Dire Giorgio Strehler significa dire teatro, ma anche dire Milano. Quella città che lo accolse (ci arrivò da Trieste, dove nacque il 14 agosto 1921), lo formò (frequentò l'Accademia dei Filodrammatici) e dove costruì la sua fama, umana e professionale, dopo un breve periodo di fuga in Svizzera con lo scoppio della Seconda guerra mondiale.

Strehler contribuì alla rinascita del teatro. Di più: diede vita ad un nuovo modo di fare teatro, con una ricostruzione minuziosa di opere e personaggi, attraverso utilizzo di elementi semplici, di scene scarne riempite dal pathos di attori nati per vivere la scena.
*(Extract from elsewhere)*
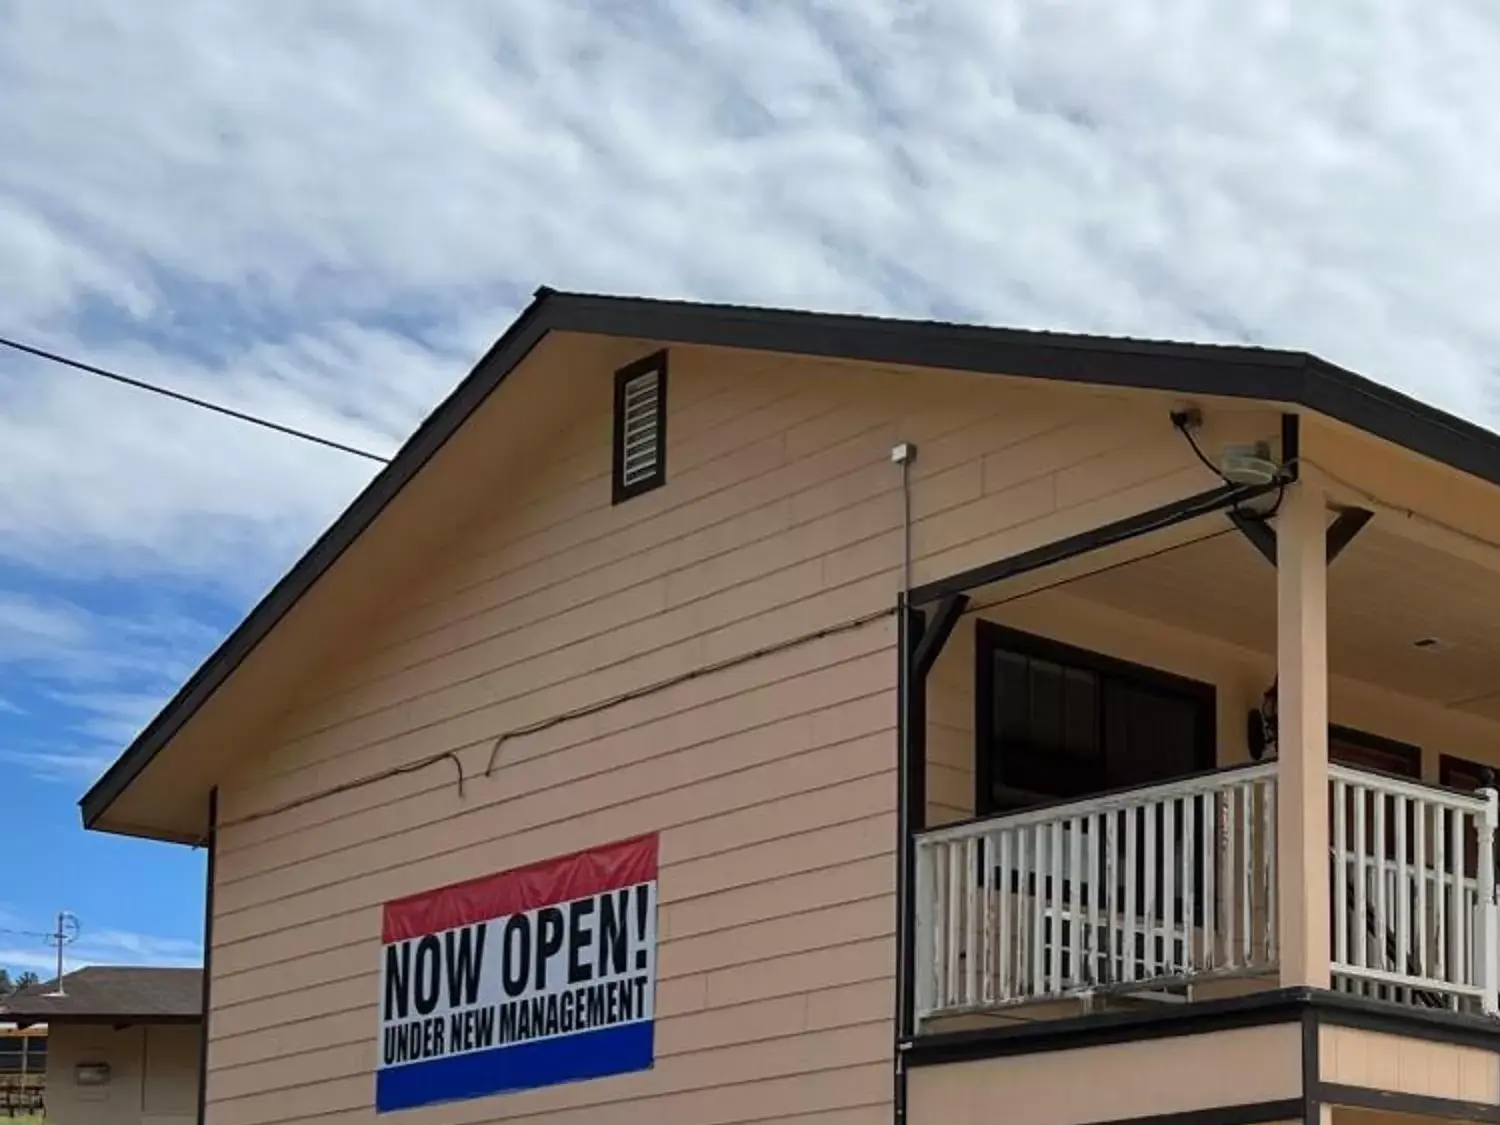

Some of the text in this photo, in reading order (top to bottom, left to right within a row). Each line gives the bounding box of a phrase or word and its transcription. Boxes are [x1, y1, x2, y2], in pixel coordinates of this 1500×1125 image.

[384, 884, 649, 1021] NOW OPEN!
[383, 976, 648, 1065] UNDER NEW MANAGEMENT
Si pensi alla "Vita di Galileo" di Brecht, in cui il celebre scienziato pisano era magistralmente interpretato da Tino Buazzelli. La povertà di una scena arricchita da una recitazione appassionata ma mai forzata, dove le storie rivivevano più volte (ripropose le medesime opere in più occasioni) ma sempre mantenendosi fedele alla natura datagli dall'autore. Lì, sul palcoscenico del "Piccolo", Giorgio Strehler mise in scena una umanità alla ricerca di se stessa, attraverso racconti di uomini e donne vissuti nel corpo e nell'anima di artisti in grado di coglierne le diverse sfumature. Con naturalezza ma anche con rigore, come voleva lui, Strehler, che diresse la sua arena prima con Grassi, poi da solo fino alla morte, il 25 dicembre 1997, quando un infarto lo trascinò via da quelle scene con la pacatezza e la sobrietà che lo hanno sempre contraddistinto. Però, spesso, la semplicità rischia di essere scambiata per timidezza, per un tentativo di nascondersi. Giorgio Strehler, infatti, andò via in punta di piedi, con una cerimonia funebre senza troppi fronzoli, silenziosa. Un silenzio che rischia di offuscarne il ricordo, nonostante la sua opera sia ancora viva. 

Ed è per questo che, ad un secolo dalla sua nascita, ritenevo doveroso onorare la memoria oltre che l'armonia delle sue scene indimenticabili. Perché il teatro di Strehler, cuore pulsante dell'arte del Novecento, era un misto di bellezza e armonia. E l'armonia, come diceva qualcuno, vince di mille secoli il silenzio.